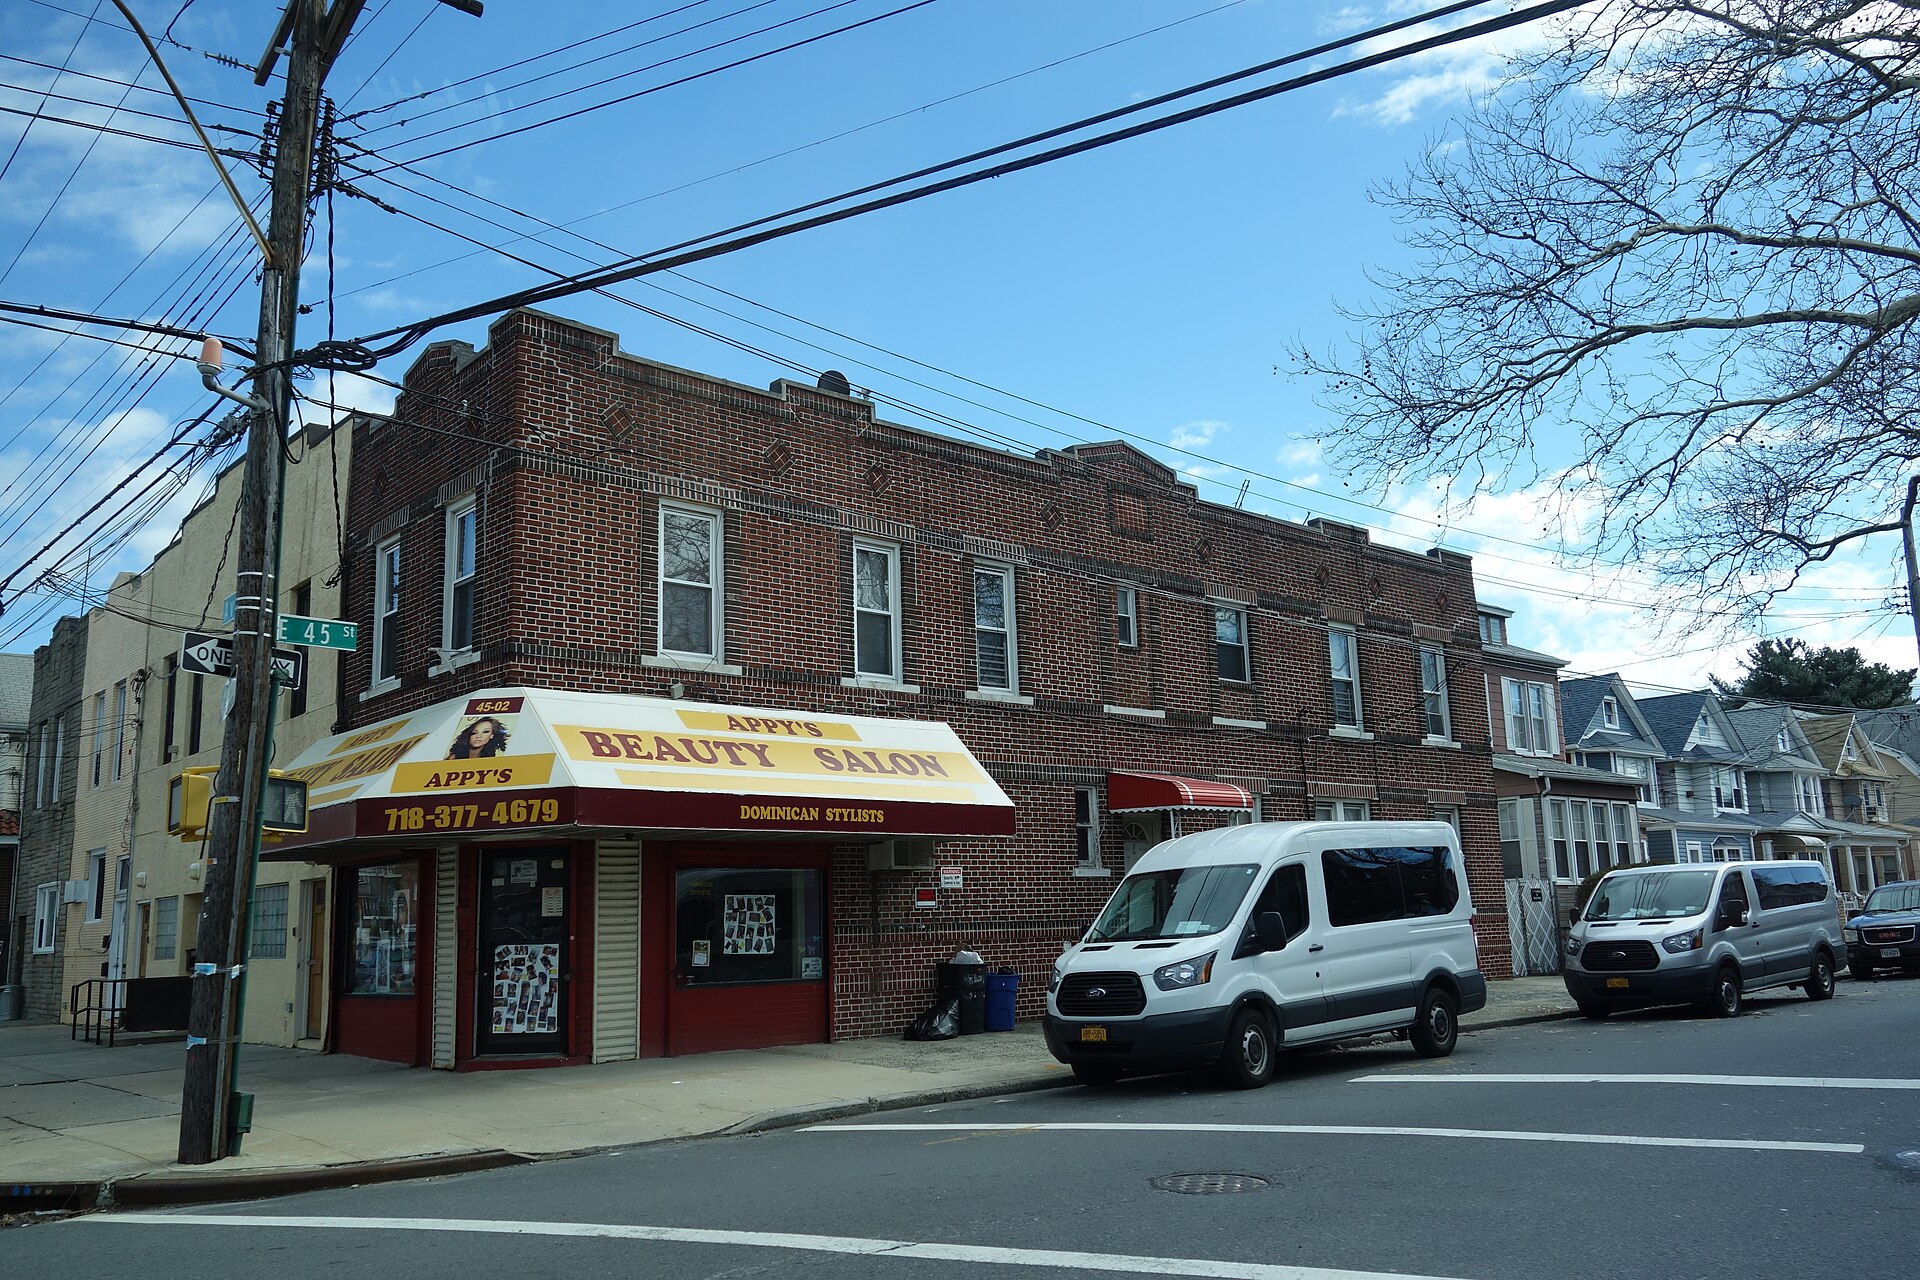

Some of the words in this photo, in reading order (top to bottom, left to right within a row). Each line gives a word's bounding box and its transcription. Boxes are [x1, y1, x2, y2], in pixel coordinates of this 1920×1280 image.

[278, 618, 288, 640] E
[304, 622, 330, 645] 45
[343, 626, 355, 638] St
[197, 646, 233, 666] ONE
[475, 700, 510, 713] 45-02
[727, 714, 824, 738] APPY'S
[579, 730, 776, 768] BEAUTY
[813, 747, 950, 778] SALON
[423, 768, 513, 788] APPY'S
[384, 799, 559, 832] 718-377-4679
[740, 805, 819, 822] DOMINICAN
[825, 807, 885, 823] STYLISTS

____________

* Activity *
An exact copy of the listing above is to be set down, with no pictures in it.

* Finished exercise *
Some of the words in this photo, in reading order (top to bottom, left to right within a row). Each line gives a word's bounding box and its transcription. Boxes are [x1, y1, x2, y2], in pixel coordinates of this 1920×1280 image.

[278, 618, 288, 640] E
[304, 622, 330, 645] 45
[343, 626, 355, 638] St
[197, 646, 233, 666] ONE
[475, 700, 510, 713] 45-02
[727, 714, 824, 738] APPY'S
[579, 730, 776, 768] BEAUTY
[813, 747, 950, 778] SALON
[423, 768, 513, 788] APPY'S
[384, 799, 559, 832] 718-377-4679
[740, 805, 819, 822] DOMINICAN
[825, 807, 885, 823] STYLISTS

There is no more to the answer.